FET07
Title: Innovative methods for the passive and active control of flow and heat transfer for gas turbine
blade cooling
Contact:
Dr. Abdessalem Bouferrouk Abdessalem.Bouferrouk@uwe.ac.uk
Professor Yufeng Yao Yufeng.Yao@uwe.ac.uk
Project:
Modern gas turbine engines can operate at high temperatures close to 1700°C in order to improve
thermal efficiency and power output. The issue is, however, as the turbine inlet temperature
increases, there is a corresponding increase in the amount of heat transferred to the turbine blades.
As operating temperature is far above the melting point of existing materials, therefore, the blades
must be cooled to ensure safe operation. The blades are usually cooled by bleed air which is
extracted from the compressor of the engine. Various blade cooling techniques have been
developed over the years, e.g. rib turbulators, pin fins, dimpled surfaces, surfaces with arrays of
protrusions, swirl chambers, and surface roughness. However, given the complexity of the problem
(unsteady aerodynamics, mixed heat transfer modes), there remain open questions on the
effectiveness of various parameters that can influence the cooling process.

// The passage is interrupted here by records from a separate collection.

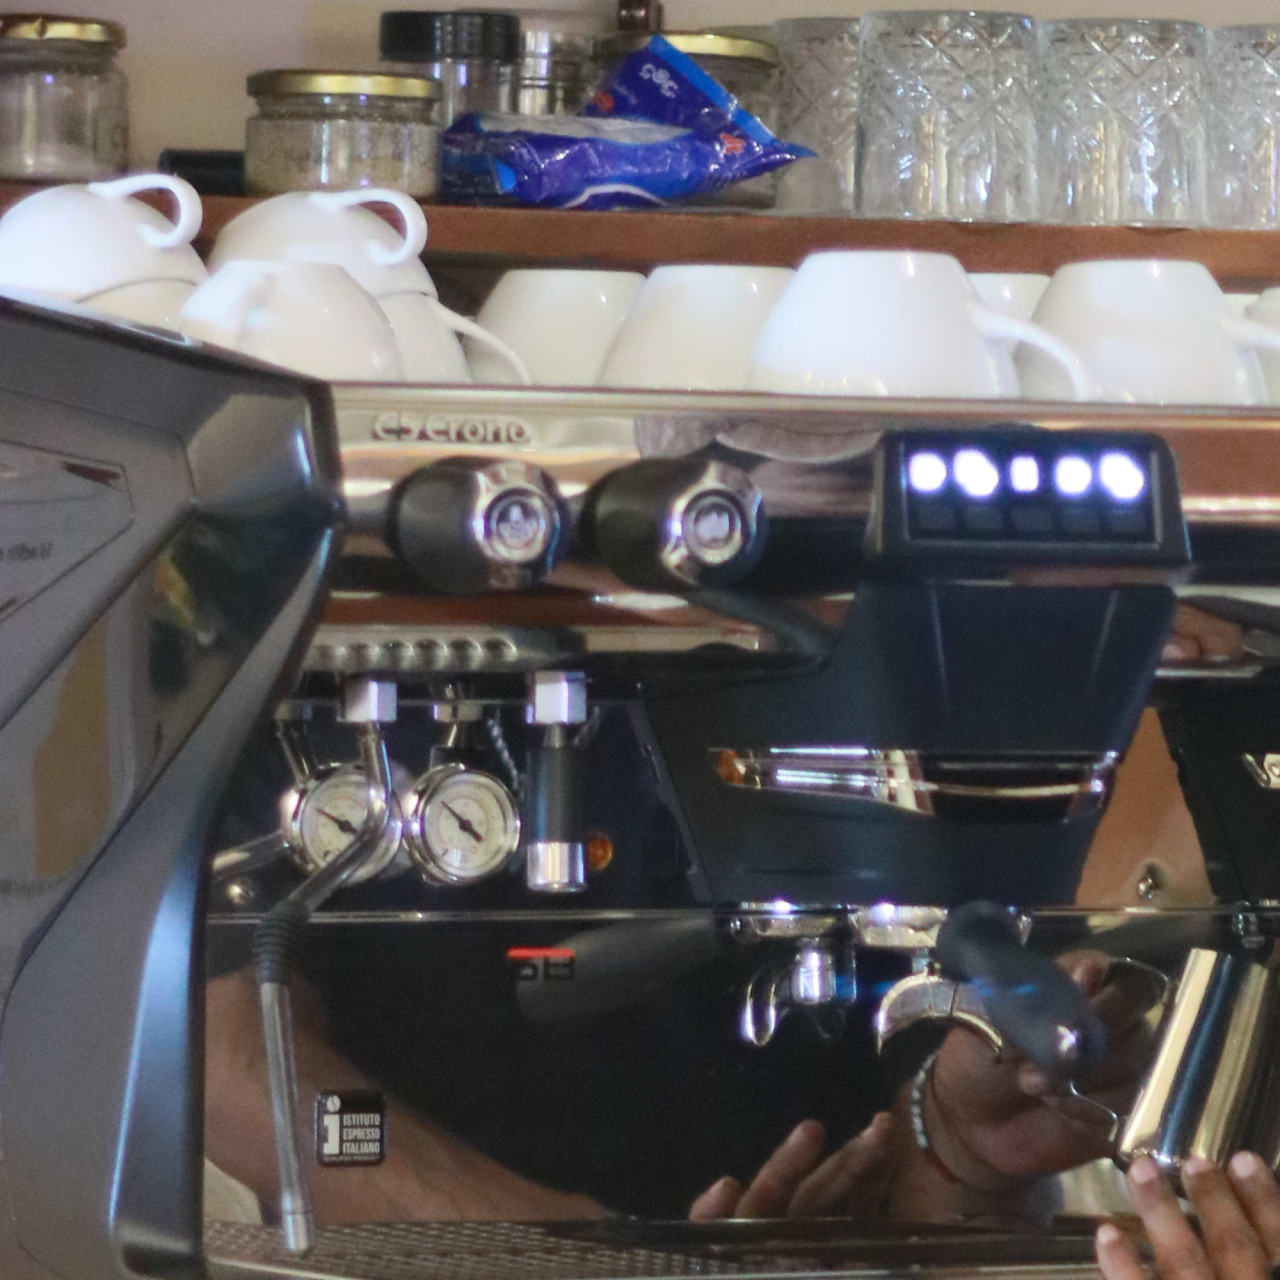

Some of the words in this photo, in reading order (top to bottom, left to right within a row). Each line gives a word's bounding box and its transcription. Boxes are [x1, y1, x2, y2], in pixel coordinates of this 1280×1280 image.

[343, 1113, 381, 1126] ISTITUTO
[343, 1127, 380, 1140] ESPRESSO
[343, 1141, 380, 1154] ITALIANO
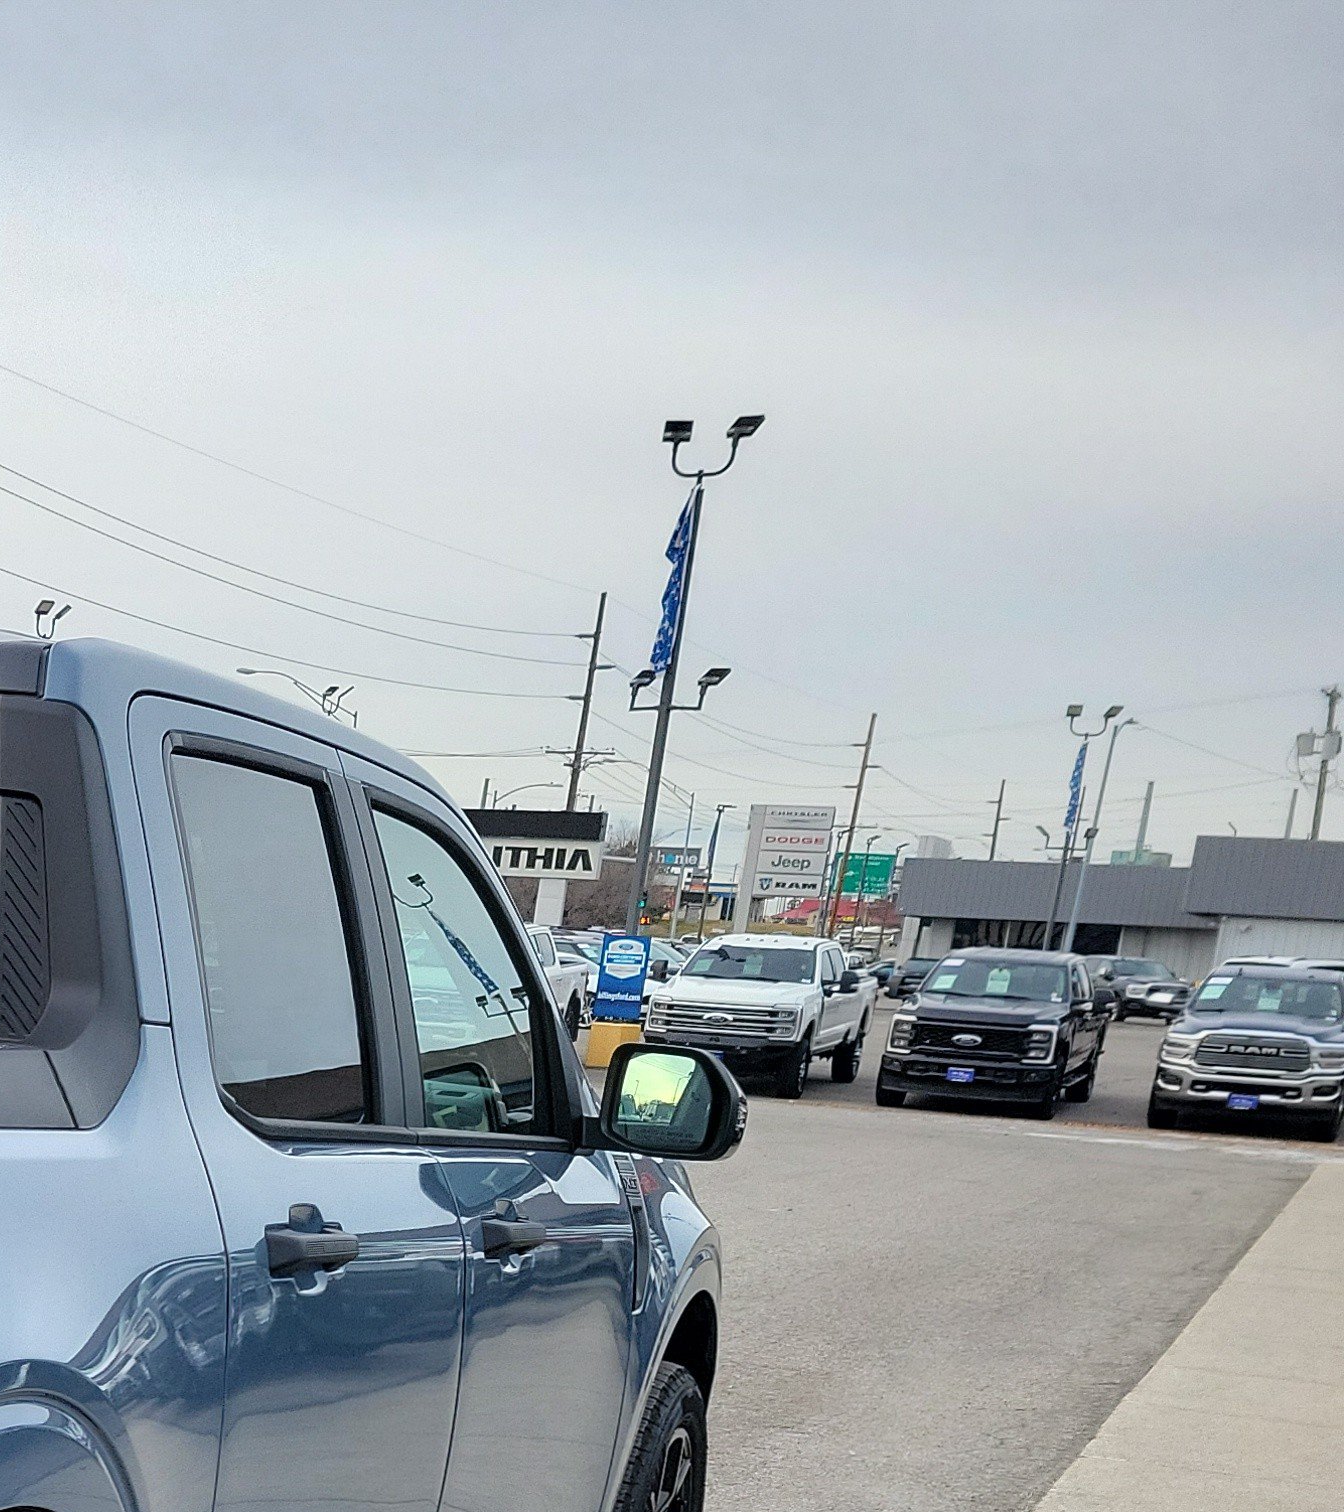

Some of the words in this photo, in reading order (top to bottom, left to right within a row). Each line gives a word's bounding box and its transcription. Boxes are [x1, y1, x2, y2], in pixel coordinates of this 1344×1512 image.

[766, 836, 825, 845] DODGE
[771, 855, 811, 871] Jeep
[1229, 1045, 1278, 1055] RAM

The aim of this project is to develop innovative cooling techniques based on passive and active
control methods which can increase gas turbine outputs and efficiencies, maintain the integrity of
the blades, and achieve minimum energy expenditure and plant capital costs. Key technologies to
investigate are passive cooling (internal and external to the blades) and active flow control using for
e.g. pulsed cooling jets. It is thus proposed to undertake numerical and experimental studies by
applying modern Computational Fluid Dynamics (CFD) and Computational Heat Transfer (CHT)

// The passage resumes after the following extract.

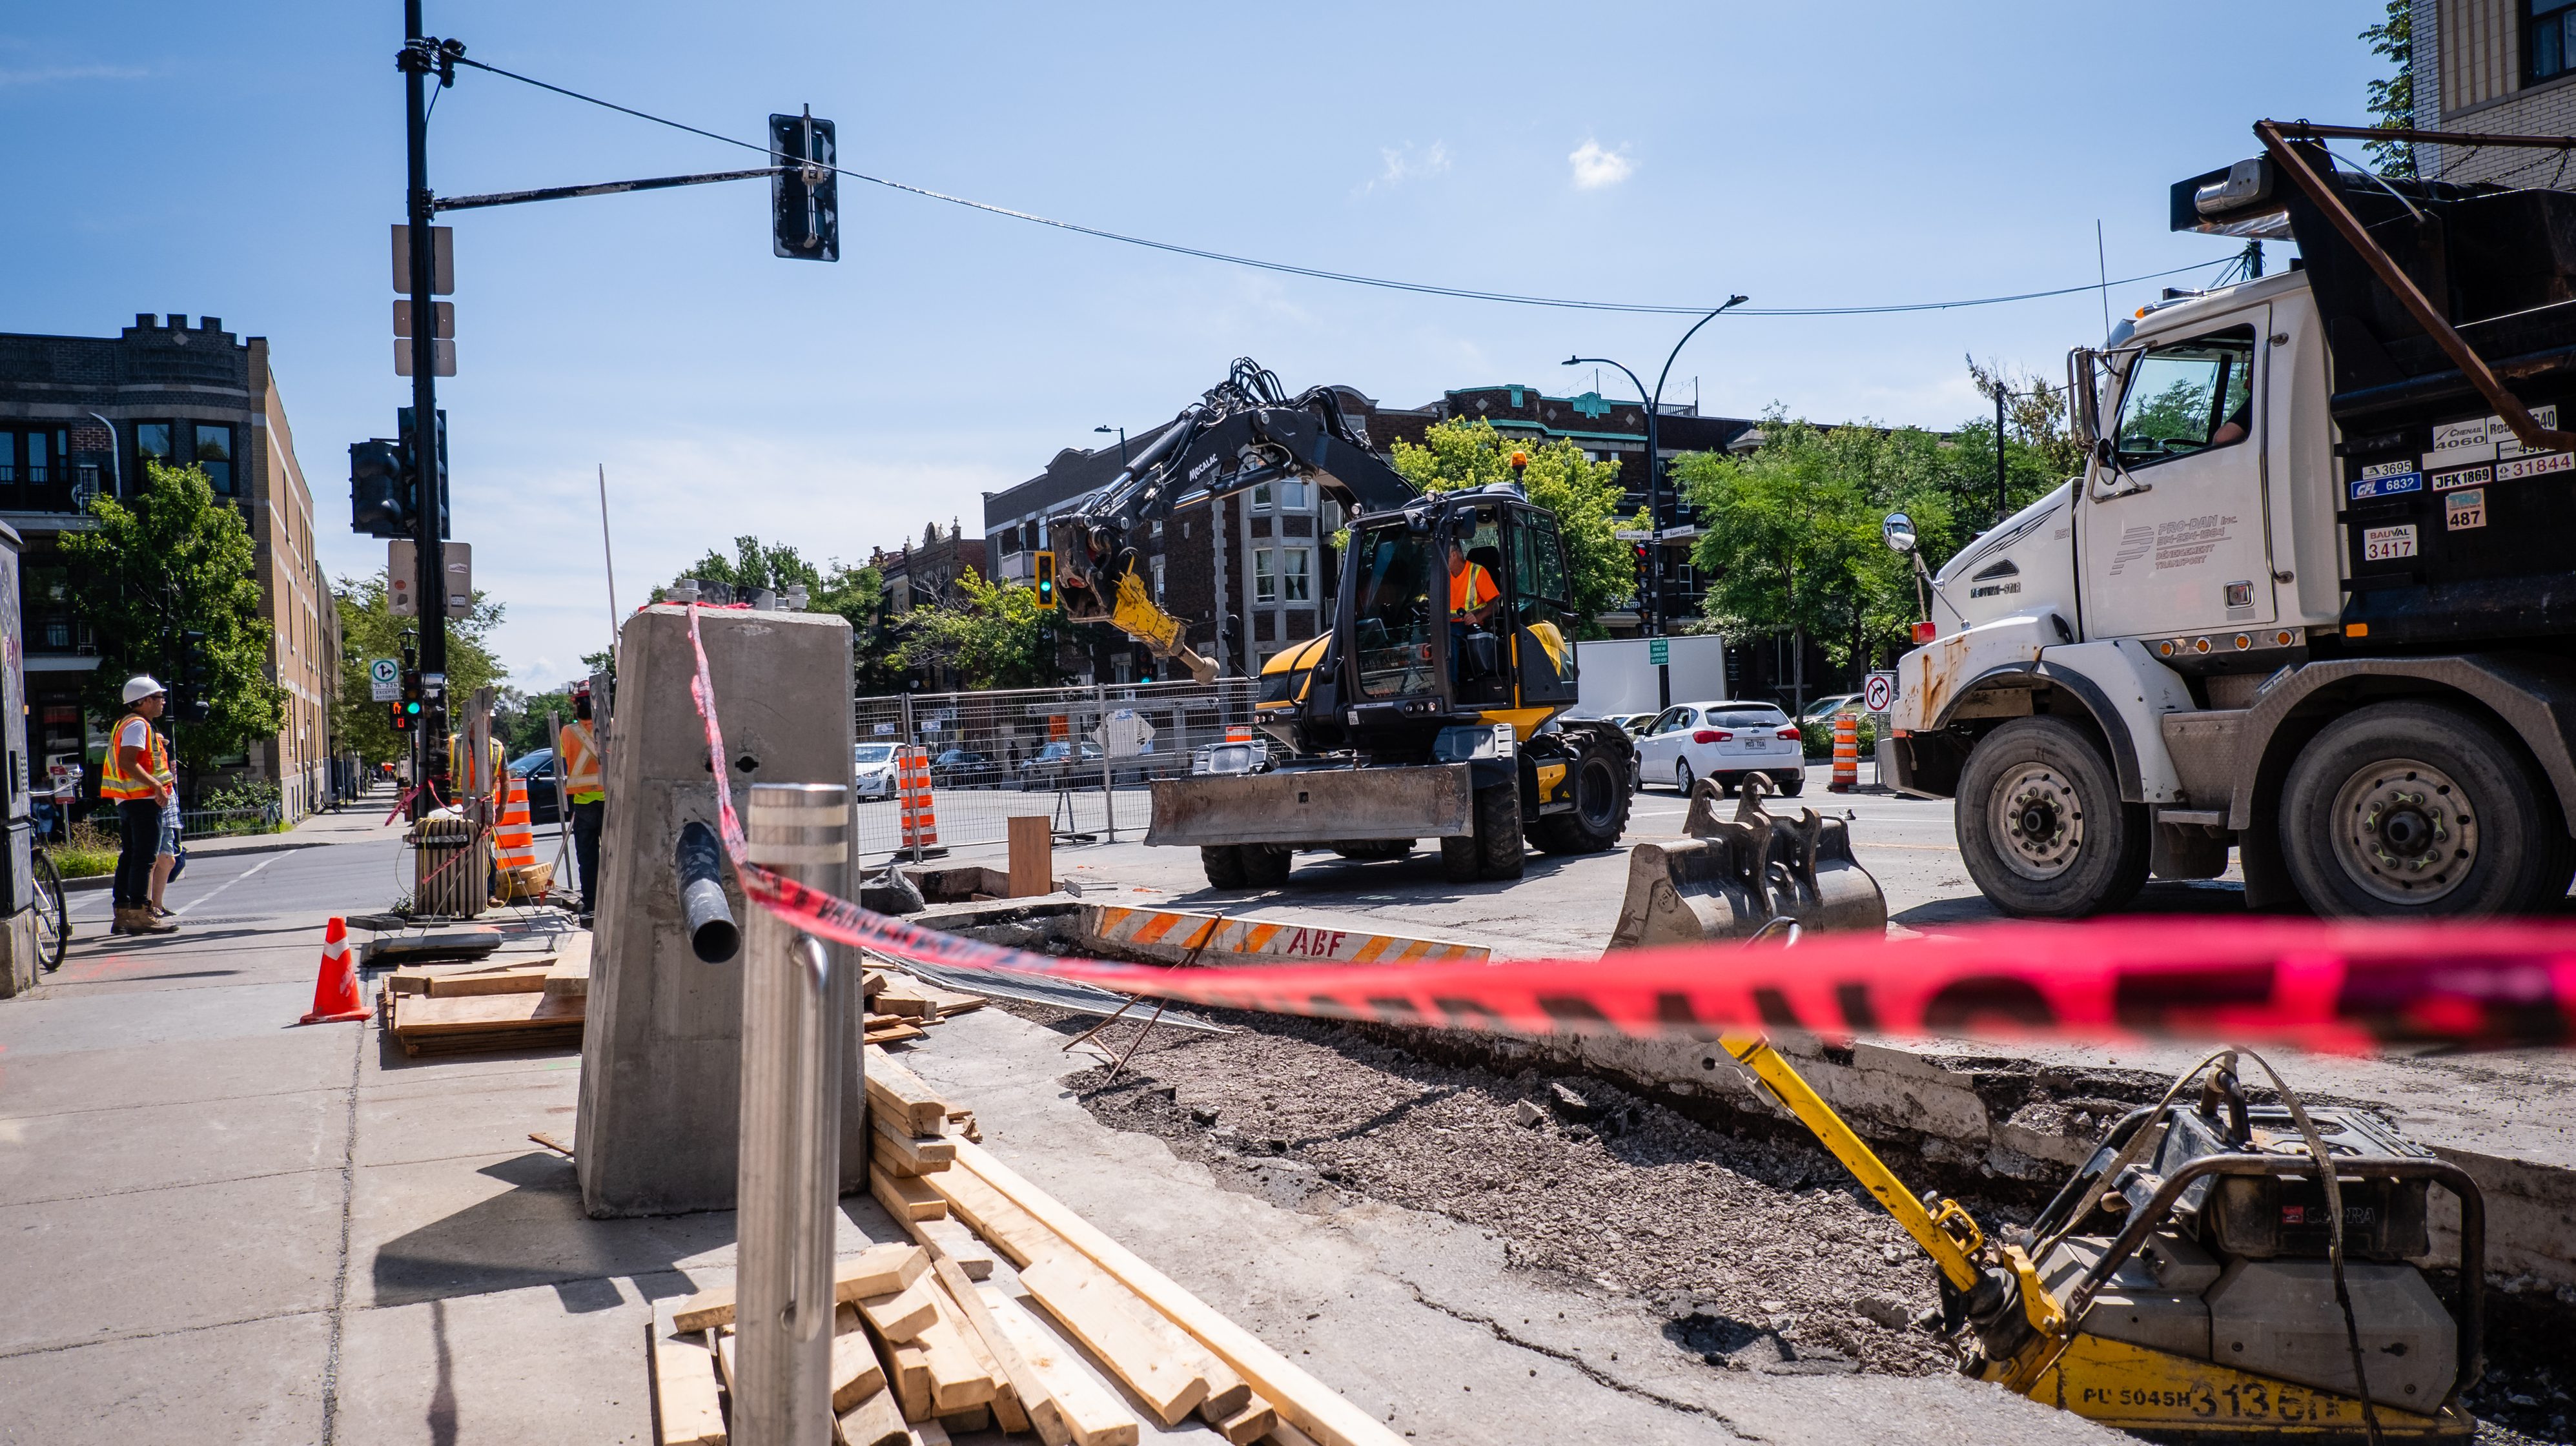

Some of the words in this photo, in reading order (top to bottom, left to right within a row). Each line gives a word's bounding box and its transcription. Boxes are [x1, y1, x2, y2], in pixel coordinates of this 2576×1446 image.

methods. The challenge is then how to combine CFD and CHT to simulate realistic flows at usually
high Reynolds numbers with passive and active flow control (using cooling jets). The expected
benefits are not only for aircraft applications but also for standalone gas turbine power plants used
for large scale electricity generation. Operating at higher temperatures via cooling reduce harmful
emissions, helping to create more sustainable energy conversion systems.